[Data extracted from a collection]
____________

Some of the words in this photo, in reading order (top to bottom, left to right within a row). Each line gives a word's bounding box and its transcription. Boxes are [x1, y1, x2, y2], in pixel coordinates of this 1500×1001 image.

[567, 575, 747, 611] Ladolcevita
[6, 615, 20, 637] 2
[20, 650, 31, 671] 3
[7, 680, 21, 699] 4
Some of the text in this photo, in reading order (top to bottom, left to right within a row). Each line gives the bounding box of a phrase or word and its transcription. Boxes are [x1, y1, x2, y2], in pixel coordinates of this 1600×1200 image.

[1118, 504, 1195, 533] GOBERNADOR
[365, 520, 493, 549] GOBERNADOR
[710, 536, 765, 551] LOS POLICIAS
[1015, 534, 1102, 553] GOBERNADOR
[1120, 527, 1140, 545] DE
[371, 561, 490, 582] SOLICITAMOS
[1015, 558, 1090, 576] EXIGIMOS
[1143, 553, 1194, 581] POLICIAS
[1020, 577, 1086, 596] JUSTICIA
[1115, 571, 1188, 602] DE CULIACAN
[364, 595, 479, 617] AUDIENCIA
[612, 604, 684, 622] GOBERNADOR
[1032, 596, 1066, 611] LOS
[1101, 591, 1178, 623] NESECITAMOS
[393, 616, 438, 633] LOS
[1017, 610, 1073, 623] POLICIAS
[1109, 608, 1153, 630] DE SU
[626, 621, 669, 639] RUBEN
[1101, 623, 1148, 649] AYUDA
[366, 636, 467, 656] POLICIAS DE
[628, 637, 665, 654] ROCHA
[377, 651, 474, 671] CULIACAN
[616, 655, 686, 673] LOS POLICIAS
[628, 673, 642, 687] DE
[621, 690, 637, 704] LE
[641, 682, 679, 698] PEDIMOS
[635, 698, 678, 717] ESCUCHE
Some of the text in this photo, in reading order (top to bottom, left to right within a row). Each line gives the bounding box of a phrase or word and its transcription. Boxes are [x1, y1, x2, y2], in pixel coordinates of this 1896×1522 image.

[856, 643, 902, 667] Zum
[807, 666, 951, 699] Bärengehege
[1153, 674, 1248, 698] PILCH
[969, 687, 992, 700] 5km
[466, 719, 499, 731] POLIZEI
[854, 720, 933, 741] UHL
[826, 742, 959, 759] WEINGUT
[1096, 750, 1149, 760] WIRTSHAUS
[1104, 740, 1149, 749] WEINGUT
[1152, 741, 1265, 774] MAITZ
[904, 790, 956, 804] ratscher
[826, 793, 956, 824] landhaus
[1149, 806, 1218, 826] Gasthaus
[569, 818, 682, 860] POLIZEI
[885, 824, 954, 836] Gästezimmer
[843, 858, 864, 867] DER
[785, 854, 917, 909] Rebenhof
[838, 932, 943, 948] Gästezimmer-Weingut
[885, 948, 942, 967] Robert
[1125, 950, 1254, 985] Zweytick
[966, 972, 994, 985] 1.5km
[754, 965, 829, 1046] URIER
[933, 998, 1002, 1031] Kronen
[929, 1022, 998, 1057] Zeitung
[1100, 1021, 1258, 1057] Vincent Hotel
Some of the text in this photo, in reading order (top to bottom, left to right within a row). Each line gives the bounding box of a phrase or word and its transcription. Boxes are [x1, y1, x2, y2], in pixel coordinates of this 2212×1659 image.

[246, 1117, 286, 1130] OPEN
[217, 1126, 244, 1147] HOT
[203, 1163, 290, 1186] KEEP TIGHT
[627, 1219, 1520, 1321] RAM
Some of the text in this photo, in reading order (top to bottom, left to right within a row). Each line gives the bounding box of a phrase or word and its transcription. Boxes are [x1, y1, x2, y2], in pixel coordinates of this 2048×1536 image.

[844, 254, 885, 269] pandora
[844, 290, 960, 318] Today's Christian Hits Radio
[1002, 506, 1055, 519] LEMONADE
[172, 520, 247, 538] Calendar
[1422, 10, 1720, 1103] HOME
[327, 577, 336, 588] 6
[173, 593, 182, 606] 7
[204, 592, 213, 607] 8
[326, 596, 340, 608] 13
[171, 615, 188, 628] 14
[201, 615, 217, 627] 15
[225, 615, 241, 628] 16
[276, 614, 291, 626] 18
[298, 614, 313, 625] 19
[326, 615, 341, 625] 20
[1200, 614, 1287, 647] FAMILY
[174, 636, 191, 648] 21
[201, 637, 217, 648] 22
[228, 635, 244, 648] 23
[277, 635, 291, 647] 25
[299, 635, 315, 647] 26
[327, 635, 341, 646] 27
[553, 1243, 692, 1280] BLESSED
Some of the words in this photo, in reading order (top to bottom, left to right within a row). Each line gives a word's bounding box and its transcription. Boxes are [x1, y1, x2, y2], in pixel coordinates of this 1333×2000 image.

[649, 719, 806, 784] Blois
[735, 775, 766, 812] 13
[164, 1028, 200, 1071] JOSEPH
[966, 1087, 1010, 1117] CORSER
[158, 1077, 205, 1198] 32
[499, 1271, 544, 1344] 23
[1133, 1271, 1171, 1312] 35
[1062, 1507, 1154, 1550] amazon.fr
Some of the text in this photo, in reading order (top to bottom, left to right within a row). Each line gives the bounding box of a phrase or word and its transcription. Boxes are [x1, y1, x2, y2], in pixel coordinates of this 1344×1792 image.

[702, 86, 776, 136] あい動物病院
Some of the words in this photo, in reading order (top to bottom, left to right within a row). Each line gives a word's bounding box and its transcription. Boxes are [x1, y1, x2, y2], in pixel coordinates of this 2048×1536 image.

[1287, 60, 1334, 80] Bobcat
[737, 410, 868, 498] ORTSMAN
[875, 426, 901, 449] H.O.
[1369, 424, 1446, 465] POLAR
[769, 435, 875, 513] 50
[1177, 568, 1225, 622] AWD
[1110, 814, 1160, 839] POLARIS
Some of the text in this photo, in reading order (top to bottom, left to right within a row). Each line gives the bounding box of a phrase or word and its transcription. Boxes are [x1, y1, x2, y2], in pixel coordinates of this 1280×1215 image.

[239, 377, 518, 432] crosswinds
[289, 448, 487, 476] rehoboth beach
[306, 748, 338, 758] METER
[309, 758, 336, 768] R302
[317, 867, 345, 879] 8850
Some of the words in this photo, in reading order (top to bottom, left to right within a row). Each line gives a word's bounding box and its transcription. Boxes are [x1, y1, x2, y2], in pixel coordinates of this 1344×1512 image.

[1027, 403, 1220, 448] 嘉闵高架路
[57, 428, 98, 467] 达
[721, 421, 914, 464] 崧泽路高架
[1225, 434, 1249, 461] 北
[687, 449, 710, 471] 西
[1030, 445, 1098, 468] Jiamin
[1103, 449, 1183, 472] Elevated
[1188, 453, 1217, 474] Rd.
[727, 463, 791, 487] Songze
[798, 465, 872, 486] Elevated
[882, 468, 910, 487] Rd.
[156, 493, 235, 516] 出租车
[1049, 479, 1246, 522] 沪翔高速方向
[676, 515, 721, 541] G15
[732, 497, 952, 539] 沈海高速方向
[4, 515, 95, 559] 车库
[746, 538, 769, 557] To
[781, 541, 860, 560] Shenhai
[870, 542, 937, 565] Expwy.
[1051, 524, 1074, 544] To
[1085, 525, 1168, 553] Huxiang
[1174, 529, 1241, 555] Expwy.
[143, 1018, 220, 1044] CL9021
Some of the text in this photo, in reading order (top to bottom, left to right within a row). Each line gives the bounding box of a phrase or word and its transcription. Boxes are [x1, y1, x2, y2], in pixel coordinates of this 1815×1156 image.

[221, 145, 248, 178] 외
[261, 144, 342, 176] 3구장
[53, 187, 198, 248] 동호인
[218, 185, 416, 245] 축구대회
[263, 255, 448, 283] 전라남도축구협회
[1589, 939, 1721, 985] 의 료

____________

__Work instruction__: Every entry should be output exactly as written, please.

__Finished task__:
Some of the words in this photo, in reading order (top to bottom, left to right within a row). Each line gives a word's bounding box and its transcription. Boxes are [x1, y1, x2, y2], in pixel coordinates of this 1500×1001 image.

[567, 575, 747, 611] Ladolcevita
[6, 615, 20, 637] 2
[20, 650, 31, 671] 3
[7, 680, 21, 699] 4
Some of the text in this photo, in reading order (top to bottom, left to right within a row). Each line gives the bounding box of a phrase or word and its transcription. Boxes are [x1, y1, x2, y2], in pixel coordinates of this 1600×1200 image.

[1118, 504, 1195, 533] GOBERNADOR
[365, 520, 493, 549] GOBERNADOR
[710, 536, 765, 551] LOS POLICIAS
[1015, 534, 1102, 553] GOBERNADOR
[1120, 527, 1140, 545] DE
[371, 561, 490, 582] SOLICITAMOS
[1015, 558, 1090, 576] EXIGIMOS
[1143, 553, 1194, 581] POLICIAS
[1020, 577, 1086, 596] JUSTICIA
[1115, 571, 1188, 602] DE CULIACAN
[364, 595, 479, 617] AUDIENCIA
[612, 604, 684, 622] GOBERNADOR
[1032, 596, 1066, 611] LOS
[1101, 591, 1178, 623] NESECITAMOS
[393, 616, 438, 633] LOS
[1017, 610, 1073, 623] POLICIAS
[1109, 608, 1153, 630] DE SU
[626, 621, 669, 639] RUBEN
[1101, 623, 1148, 649] AYUDA
[366, 636, 467, 656] POLICIAS DE
[628, 637, 665, 654] ROCHA
[377, 651, 474, 671] CULIACAN
[616, 655, 686, 673] LOS POLICIAS
[628, 673, 642, 687] DE
[621, 690, 637, 704] LE
[641, 682, 679, 698] PEDIMOS
[635, 698, 678, 717] ESCUCHE
Some of the text in this photo, in reading order (top to bottom, left to right within a row). Each line gives the bounding box of a phrase or word and its transcription. Boxes are [x1, y1, x2, y2], in pixel coordinates of this 1896×1522 image.

[856, 643, 902, 667] Zum
[807, 666, 951, 699] Bärengehege
[1153, 674, 1248, 698] PILCH
[969, 687, 992, 700] 5km
[466, 719, 499, 731] POLIZEI
[854, 720, 933, 741] UHL
[826, 742, 959, 759] WEINGUT
[1096, 750, 1149, 760] WIRTSHAUS
[1104, 740, 1149, 749] WEINGUT
[1152, 741, 1265, 774] MAITZ
[904, 790, 956, 804] ratscher
[826, 793, 956, 824] landhaus
[1149, 806, 1218, 826] Gasthaus
[569, 818, 682, 860] POLIZEI
[885, 824, 954, 836] Gästezimmer
[843, 858, 864, 867] DER
[785, 854, 917, 909] Rebenhof
[838, 932, 943, 948] Gästezimmer-Weingut
[885, 948, 942, 967] Robert
[1125, 950, 1254, 985] Zweytick
[966, 972, 994, 985] 1.5km
[754, 965, 829, 1046] URIER
[933, 998, 1002, 1031] Kronen
[929, 1022, 998, 1057] Zeitung
[1100, 1021, 1258, 1057] Vincent Hotel
Some of the text in this photo, in reading order (top to bottom, left to right within a row). Each line gives the bounding box of a phrase or word and its transcription. Boxes are [x1, y1, x2, y2], in pixel coordinates of this 2212×1659 image.

[246, 1117, 286, 1130] OPEN
[217, 1126, 244, 1147] HOT
[203, 1163, 290, 1186] KEEP TIGHT
[627, 1219, 1520, 1321] RAM
Some of the text in this photo, in reading order (top to bottom, left to right within a row). Each line gives the bounding box of a phrase or word and its transcription. Boxes are [x1, y1, x2, y2], in pixel coordinates of this 2048×1536 image.

[844, 254, 885, 269] pandora
[844, 290, 960, 318] Today's Christian Hits Radio
[1002, 506, 1055, 519] LEMONADE
[172, 520, 247, 538] Calendar
[1422, 10, 1720, 1103] HOME
[327, 577, 336, 588] 6
[173, 593, 182, 606] 7
[204, 592, 213, 607] 8
[326, 596, 340, 608] 13
[171, 615, 188, 628] 14
[201, 615, 217, 627] 15
[225, 615, 241, 628] 16
[276, 614, 291, 626] 18
[298, 614, 313, 625] 19
[326, 615, 341, 625] 20
[1200, 614, 1287, 647] FAMILY
[174, 636, 191, 648] 21
[201, 637, 217, 648] 22
[228, 635, 244, 648] 23
[277, 635, 291, 647] 25
[299, 635, 315, 647] 26
[327, 635, 341, 646] 27
[553, 1243, 692, 1280] BLESSED
Some of the words in this photo, in reading order (top to bottom, left to right within a row). Each line gives a word's bounding box and its transcription. Boxes are [x1, y1, x2, y2], in pixel coordinates of this 1333×2000 image.

[649, 719, 806, 784] Blois
[735, 775, 766, 812] 13
[164, 1028, 200, 1071] JOSEPH
[966, 1087, 1010, 1117] CORSER
[158, 1077, 205, 1198] 32
[499, 1271, 544, 1344] 23
[1133, 1271, 1171, 1312] 35
[1062, 1507, 1154, 1550] amazon.fr
Some of the text in this photo, in reading order (top to bottom, left to right within a row). Each line gives the bounding box of a phrase or word and its transcription. Boxes are [x1, y1, x2, y2], in pixel coordinates of this 1344×1792 image.

[702, 86, 776, 136] あい動物病院
Some of the words in this photo, in reading order (top to bottom, left to right within a row). Each line gives a word's bounding box and its transcription. Boxes are [x1, y1, x2, y2], in pixel coordinates of this 2048×1536 image.

[1287, 60, 1334, 80] Bobcat
[737, 410, 868, 498] ORTSMAN
[875, 426, 901, 449] H.O.
[1369, 424, 1446, 465] POLAR
[769, 435, 875, 513] 50
[1177, 568, 1225, 622] AWD
[1110, 814, 1160, 839] POLARIS
Some of the text in this photo, in reading order (top to bottom, left to right within a row). Each line gives the bounding box of a phrase or word and its transcription. Boxes are [x1, y1, x2, y2], in pixel coordinates of this 1280×1215 image.

[239, 377, 518, 432] crosswinds
[289, 448, 487, 476] rehoboth beach
[306, 748, 338, 758] METER
[309, 758, 336, 768] R302
[317, 867, 345, 879] 8850
Some of the words in this photo, in reading order (top to bottom, left to right within a row). Each line gives a word's bounding box and its transcription. Boxes are [x1, y1, x2, y2], in pixel coordinates of this 1344×1512 image.

[1027, 403, 1220, 448] 嘉闵高架路
[57, 428, 98, 467] 达
[721, 421, 914, 464] 崧泽路高架
[1225, 434, 1249, 461] 北
[687, 449, 710, 471] 西
[1030, 445, 1098, 468] Jiamin
[1103, 449, 1183, 472] Elevated
[1188, 453, 1217, 474] Rd.
[727, 463, 791, 487] Songze
[798, 465, 872, 486] Elevated
[882, 468, 910, 487] Rd.
[156, 493, 235, 516] 出租车
[1049, 479, 1246, 522] 沪翔高速方向
[676, 515, 721, 541] G15
[732, 497, 952, 539] 沈海高速方向
[4, 515, 95, 559] 车库
[746, 538, 769, 557] To
[781, 541, 860, 560] Shenhai
[870, 542, 937, 565] Expwy.
[1051, 524, 1074, 544] To
[1085, 525, 1168, 553] Huxiang
[1174, 529, 1241, 555] Expwy.
[143, 1018, 220, 1044] CL9021
Some of the text in this photo, in reading order (top to bottom, left to right within a row). Each line gives the bounding box of a phrase or word and its transcription. Boxes are [x1, y1, x2, y2], in pixel coordinates of this 1815×1156 image.

[221, 145, 248, 178] 외
[261, 144, 342, 176] 3구장
[53, 187, 198, 248] 동호인
[218, 185, 416, 245] 축구대회
[263, 255, 448, 283] 전라남도축구협회
[1589, 939, 1721, 985] 의 료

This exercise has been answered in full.